- _Work request_:
Please retype the entries that follow exactly as they are, leaving the images behind.

─── Given information

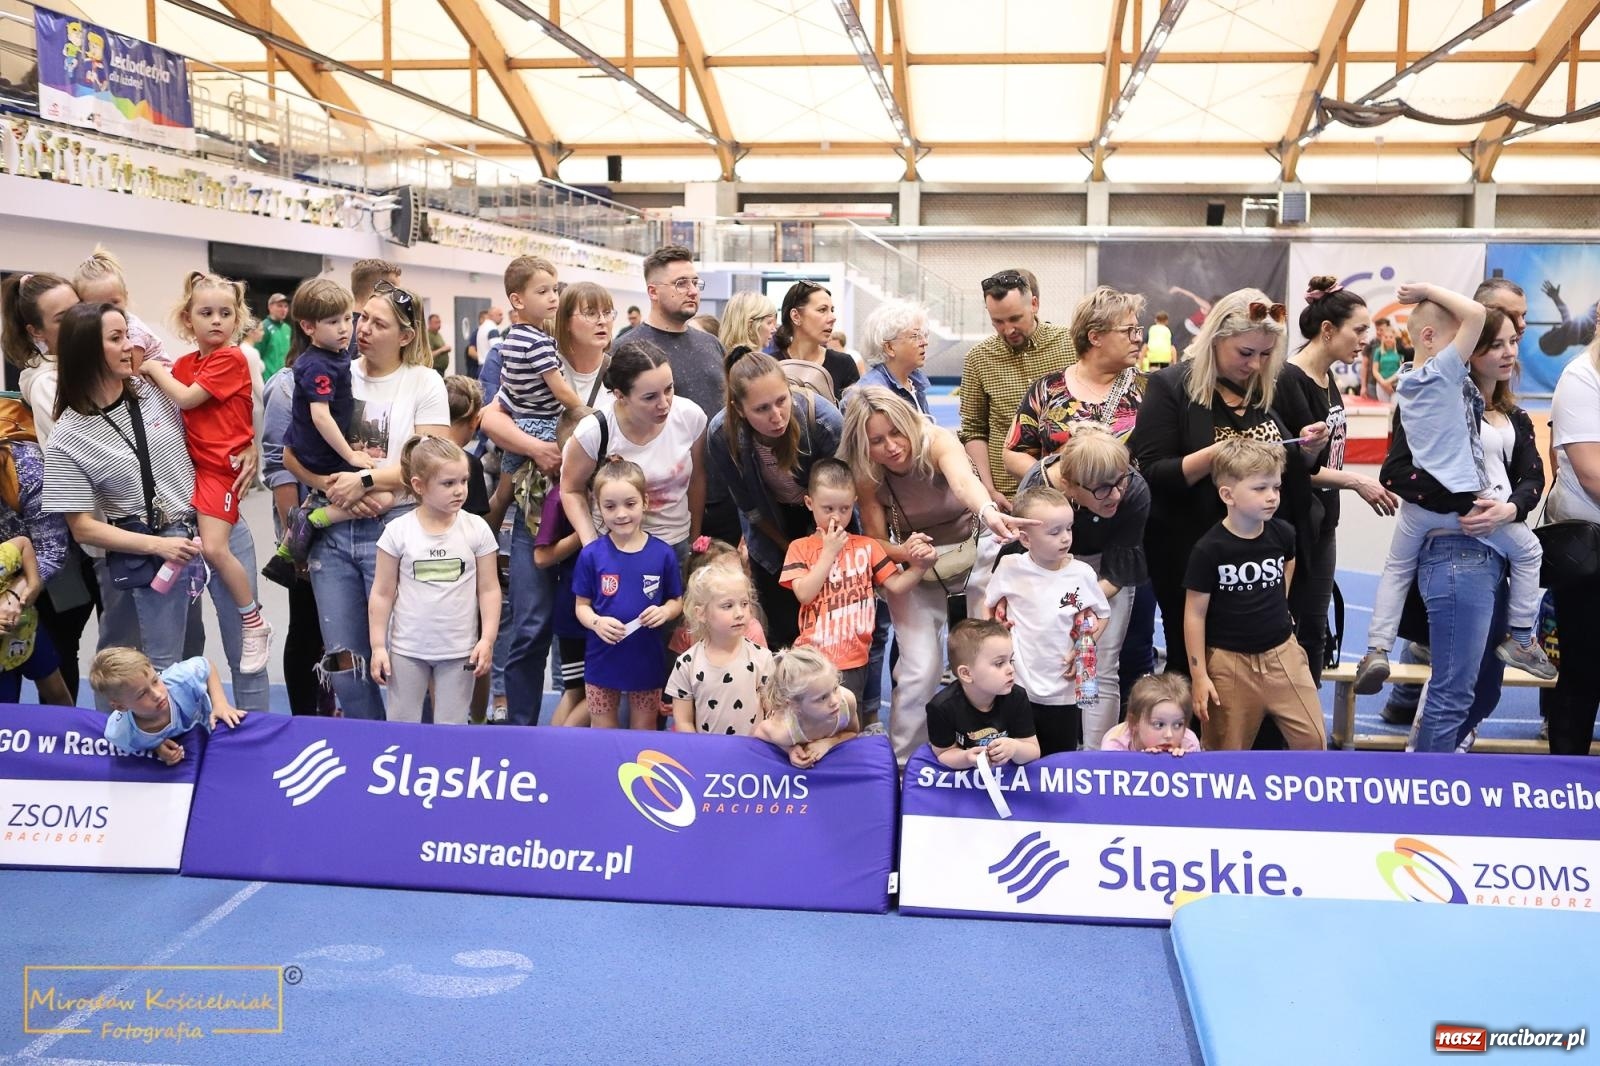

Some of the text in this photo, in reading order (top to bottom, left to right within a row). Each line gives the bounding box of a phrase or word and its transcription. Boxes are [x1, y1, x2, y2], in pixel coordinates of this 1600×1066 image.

[315, 375, 333, 395] 3
[224, 493, 232, 512] 9
[429, 548, 447, 558] KID
[38, 735, 57, 754] w
[366, 745, 550, 809] Śląskie.
[702, 773, 809, 800] ZSOMS
[1040, 768, 1257, 800] MISTRZOSTWA
[1264, 775, 1472, 807] SPORTOWEGO
[1480, 786, 1503, 808] w
[8, 803, 109, 829] ZSOMS
[702, 801, 808, 815] RACIBÓRZ
[3, 831, 105, 843] RACIBÓRZ
[420, 839, 633, 880] smsraciborz.pl
[1098, 836, 1303, 905] Śląskie.
[1472, 863, 1591, 893] ZSOMS
[1475, 893, 1593, 909] RACIBÓRZ
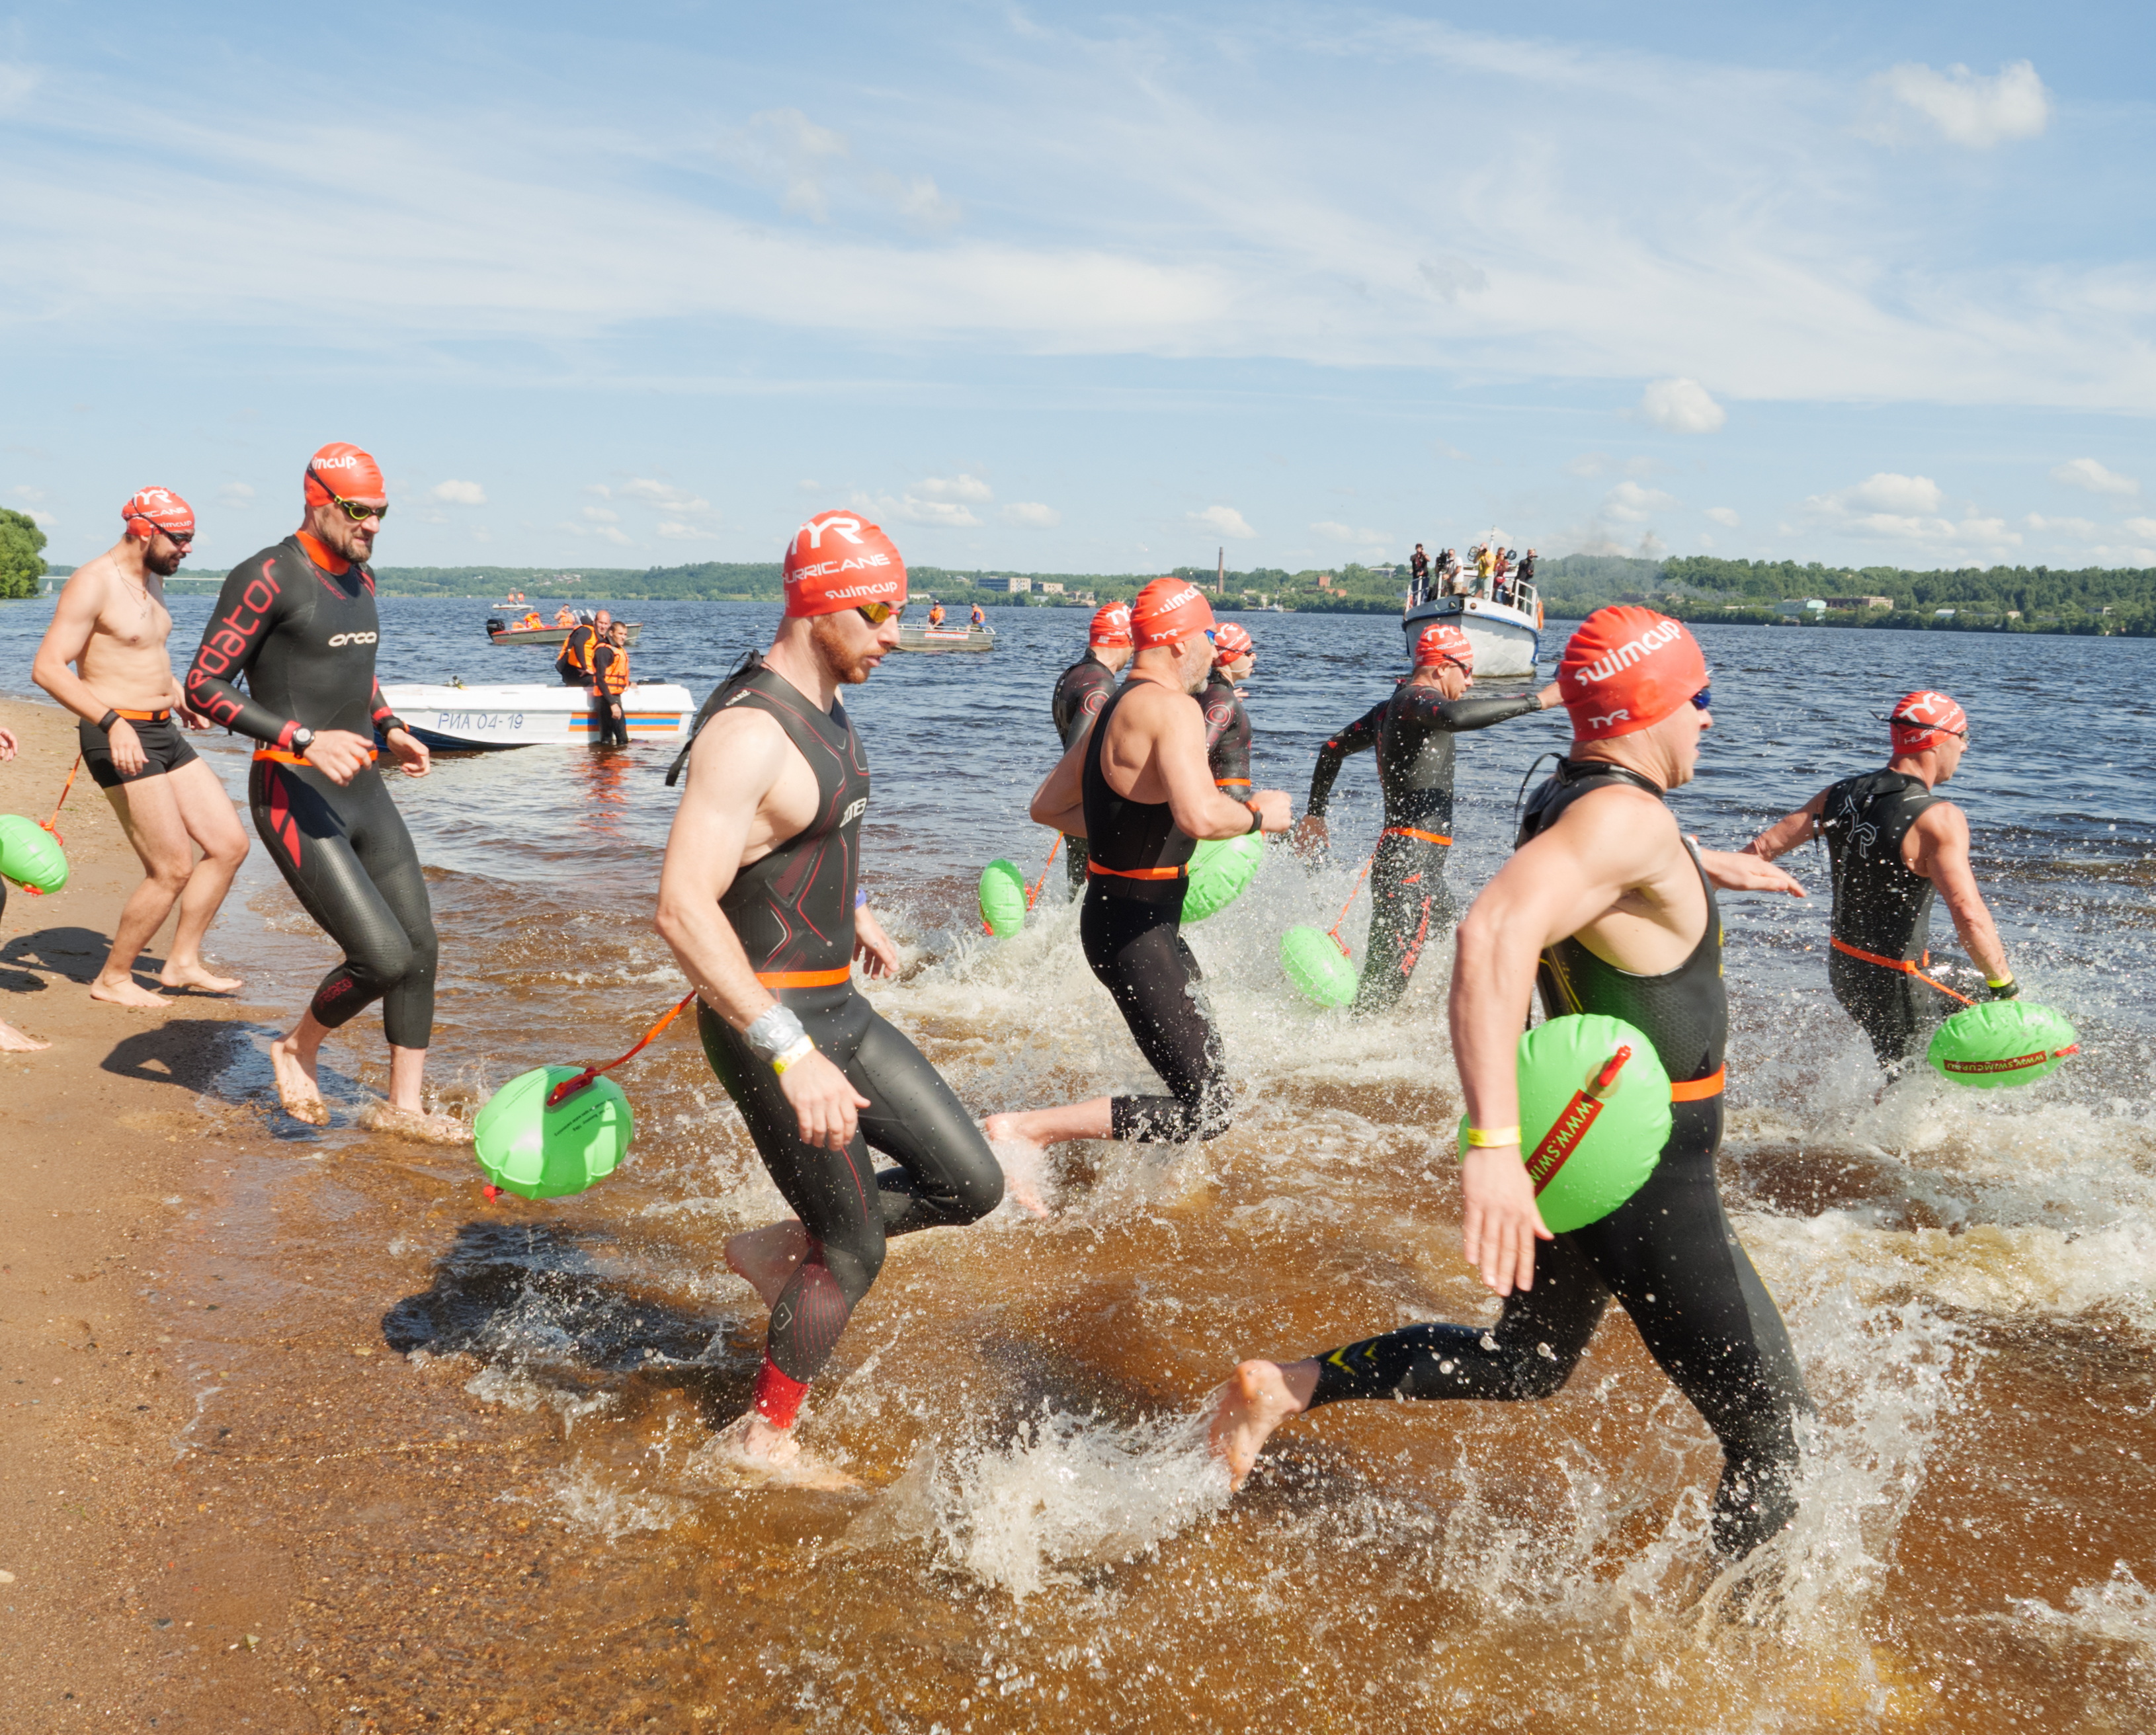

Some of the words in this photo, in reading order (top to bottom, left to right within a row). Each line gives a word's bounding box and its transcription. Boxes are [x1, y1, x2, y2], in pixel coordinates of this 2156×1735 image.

[791, 517, 864, 555] TYR
[824, 581, 898, 600] swimcup
[1105, 605, 1132, 625] TY
[328, 631, 378, 647] orca
[1150, 629, 1178, 641] TYR
[1574, 620, 1682, 686] swimcup
[1899, 692, 1949, 723] TYR
[1588, 709, 1632, 729] TYR
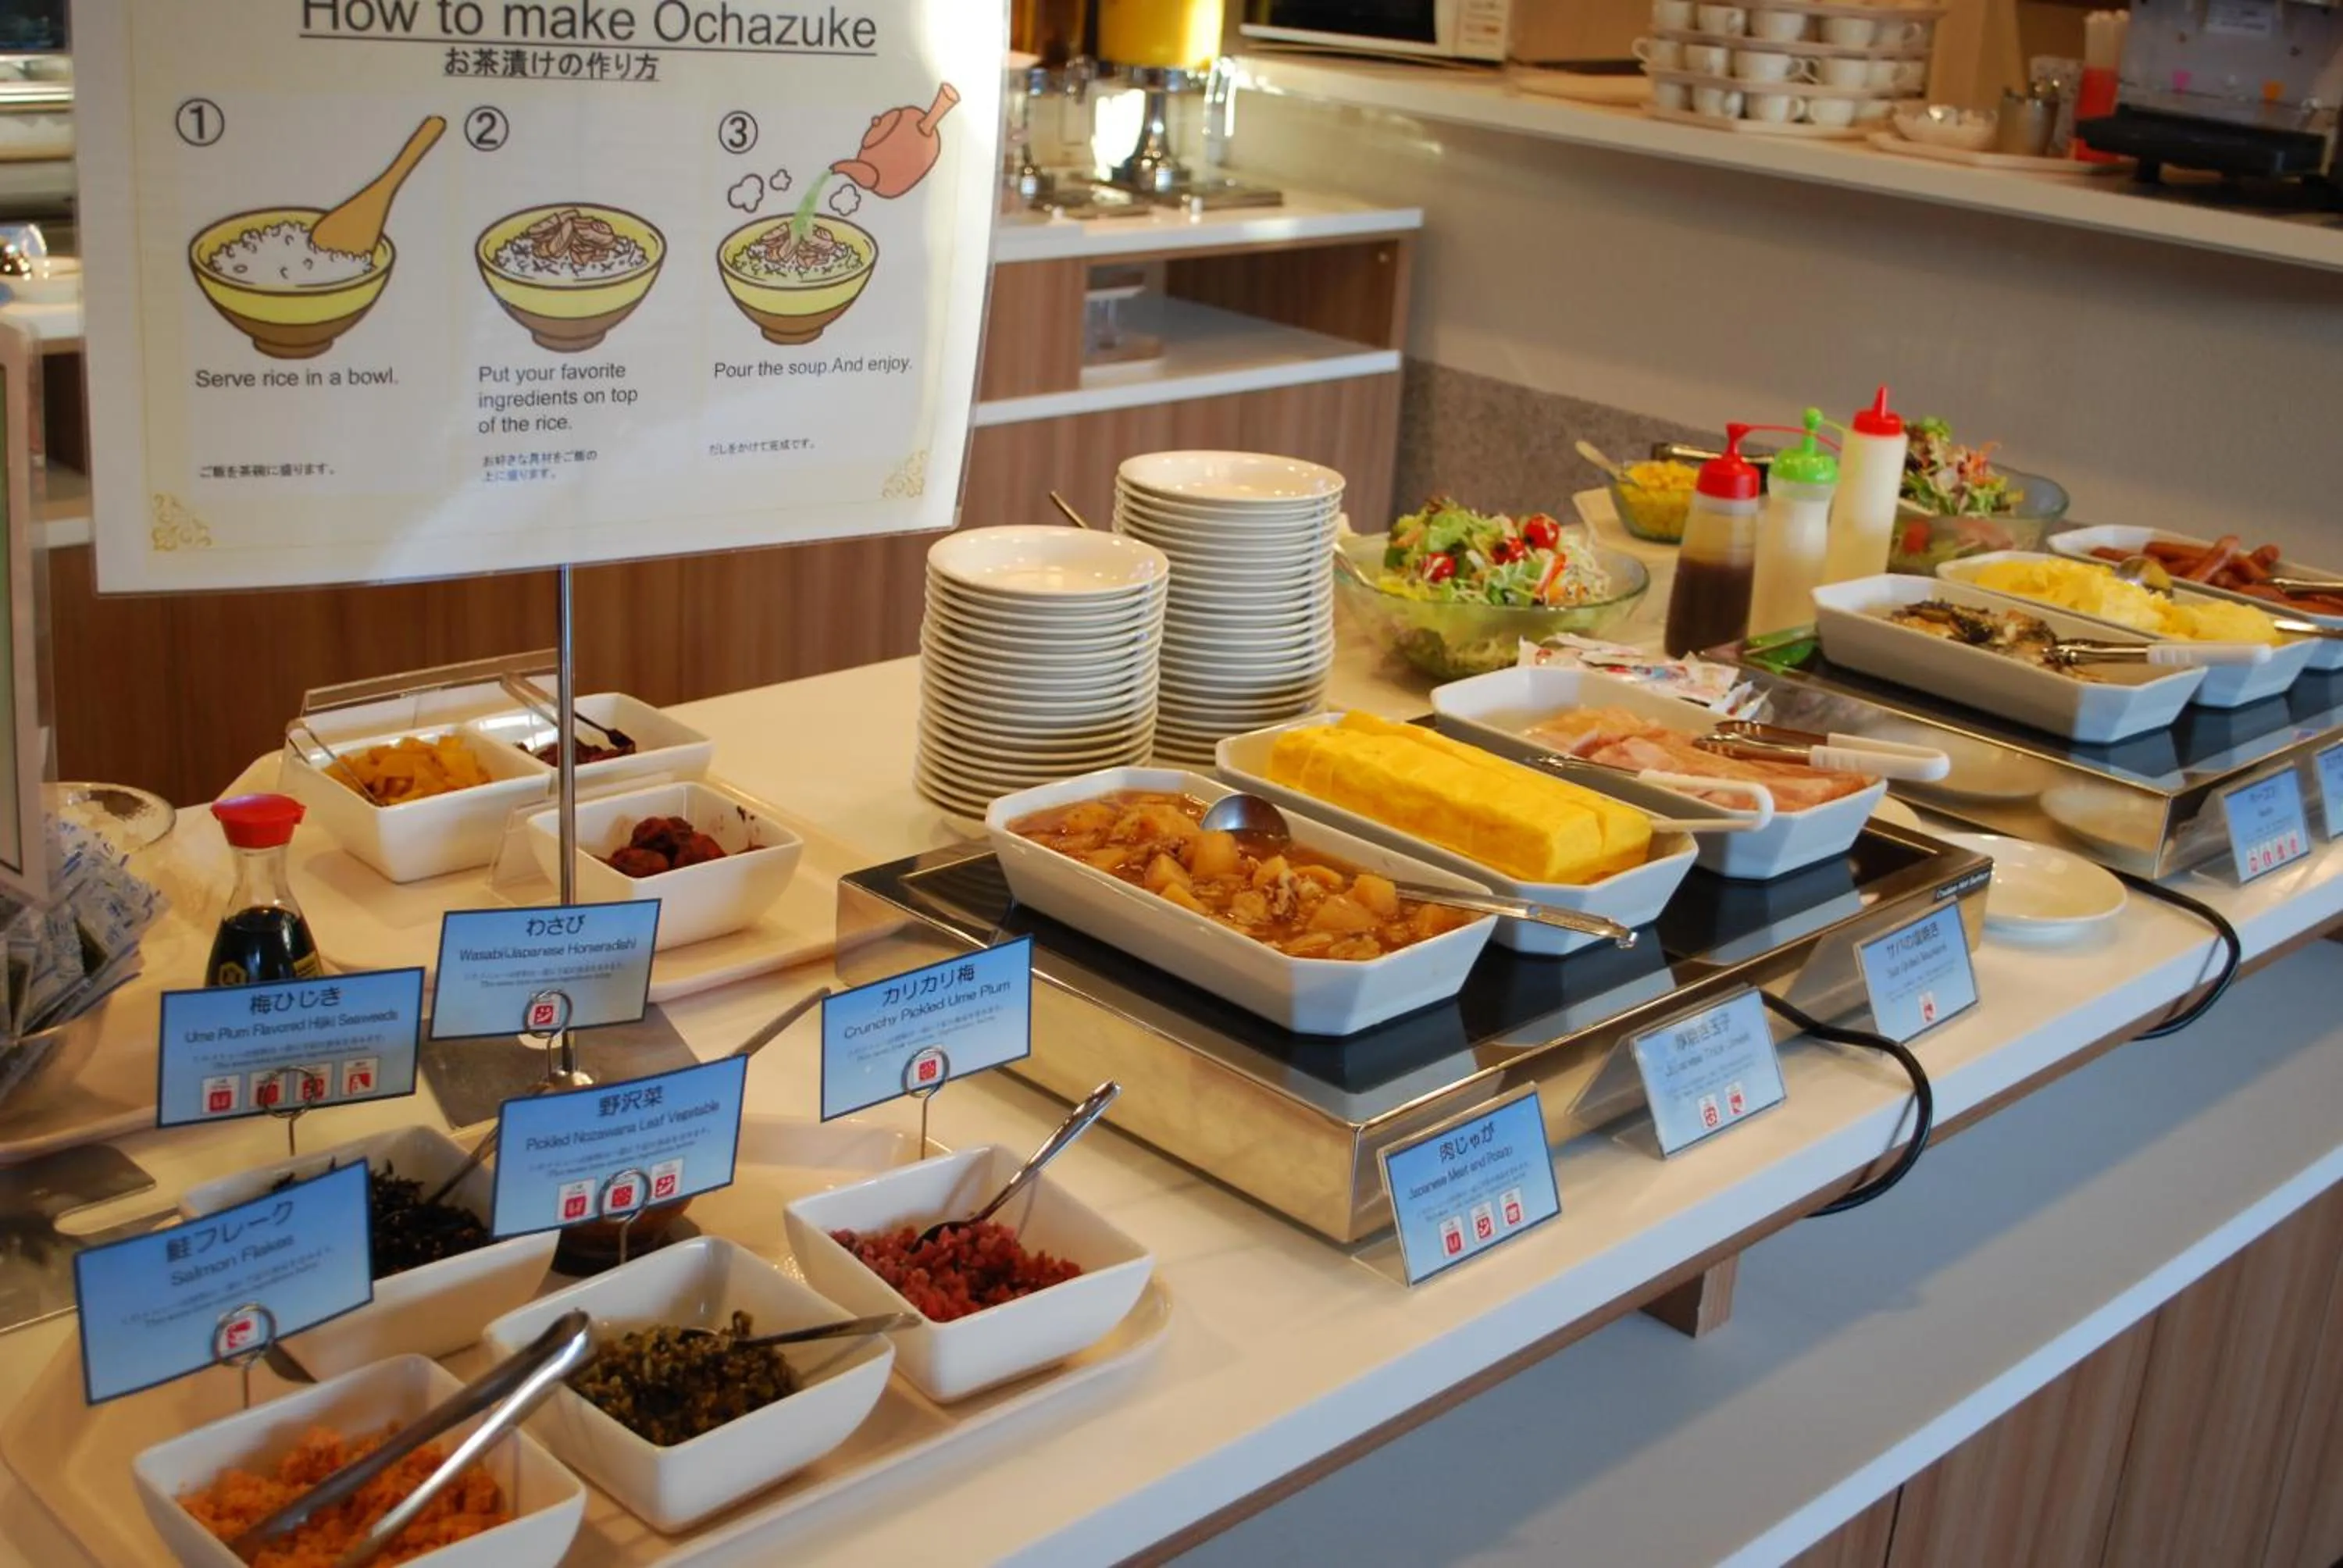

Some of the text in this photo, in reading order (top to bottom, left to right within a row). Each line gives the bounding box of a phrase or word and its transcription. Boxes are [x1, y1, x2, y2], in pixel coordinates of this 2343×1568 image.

[302, 0, 877, 48] How to make Ochazuke
[444, 48, 660, 79] お茶漬けの作り方
[194, 366, 399, 389] Serve rice in a bowl.
[478, 362, 626, 384] Put your favorite
[713, 362, 754, 379] Pour
[758, 360, 783, 376] the
[868, 357, 913, 376] enjoy.
[478, 387, 639, 412] ingredients on top
[478, 413, 572, 434] of the rice.
[526, 914, 586, 937] わさび
[882, 963, 975, 1007] カリカリ梅
[249, 986, 341, 1015] 梅ひじき
[843, 1014, 897, 1040] Crunchy
[900, 999, 945, 1023] Pickled
[947, 992, 977, 1008] Ume
[979, 979, 1011, 999] Plum
[597, 1085, 665, 1118] 野沢菜
[171, 1254, 237, 1287] Salmon

──────

- _Answer for this exercise_:
Some of the text in this photo, in reading order (top to bottom, left to right within a row). Each line gives the bounding box of a phrase or word and its transcription. Boxes are [x1, y1, x2, y2], in pixel coordinates of this 1600×1066 image.

[315, 375, 333, 395] 3
[224, 493, 232, 512] 9
[429, 548, 447, 558] KID
[38, 735, 57, 754] w
[366, 745, 550, 809] Śląskie.
[702, 773, 809, 800] ZSOMS
[1040, 768, 1257, 800] MISTRZOSTWA
[1264, 775, 1472, 807] SPORTOWEGO
[1480, 786, 1503, 808] w
[8, 803, 109, 829] ZSOMS
[702, 801, 808, 815] RACIBÓRZ
[3, 831, 105, 843] RACIBÓRZ
[420, 839, 633, 880] smsraciborz.pl
[1098, 836, 1303, 905] Śląskie.
[1472, 863, 1591, 893] ZSOMS
[1475, 893, 1593, 909] RACIBÓRZ

Some of the words in this photo, in reading order (top to bottom, left to right within a row). Each line gives a word's bounding box and its transcription. Boxes are [x1, y1, x2, y2], in pixel coordinates of this 2156×1735 image.

[791, 517, 864, 555] TYR
[824, 581, 898, 600] swimcup
[1105, 605, 1132, 625] TY
[328, 631, 378, 647] orca
[1150, 629, 1178, 641] TYR
[1574, 620, 1682, 686] swimcup
[1899, 692, 1949, 723] TYR
[1588, 709, 1632, 729] TYR

Some of the text in this photo, in reading order (top to bottom, left to right within a row). Each line gives the bounding box of a phrase or word and its transcription. Boxes are [x1, y1, x2, y2], in pixel coordinates of this 2343×1568 image.

[302, 0, 877, 48] How to make Ochazuke
[444, 48, 660, 79] お茶漬けの作り方
[194, 366, 399, 389] Serve rice in a bowl.
[478, 362, 626, 384] Put your favorite
[713, 362, 754, 379] Pour
[758, 360, 783, 376] the
[868, 357, 913, 376] enjoy.
[478, 387, 639, 412] ingredients on top
[478, 413, 572, 434] of the rice.
[526, 914, 586, 937] わさび
[882, 963, 975, 1007] カリカリ梅
[249, 986, 341, 1015] 梅ひじき
[843, 1014, 897, 1040] Crunchy
[900, 999, 945, 1023] Pickled
[947, 992, 977, 1008] Ume
[979, 979, 1011, 999] Plum
[597, 1085, 665, 1118] 野沢菜
[171, 1254, 237, 1287] Salmon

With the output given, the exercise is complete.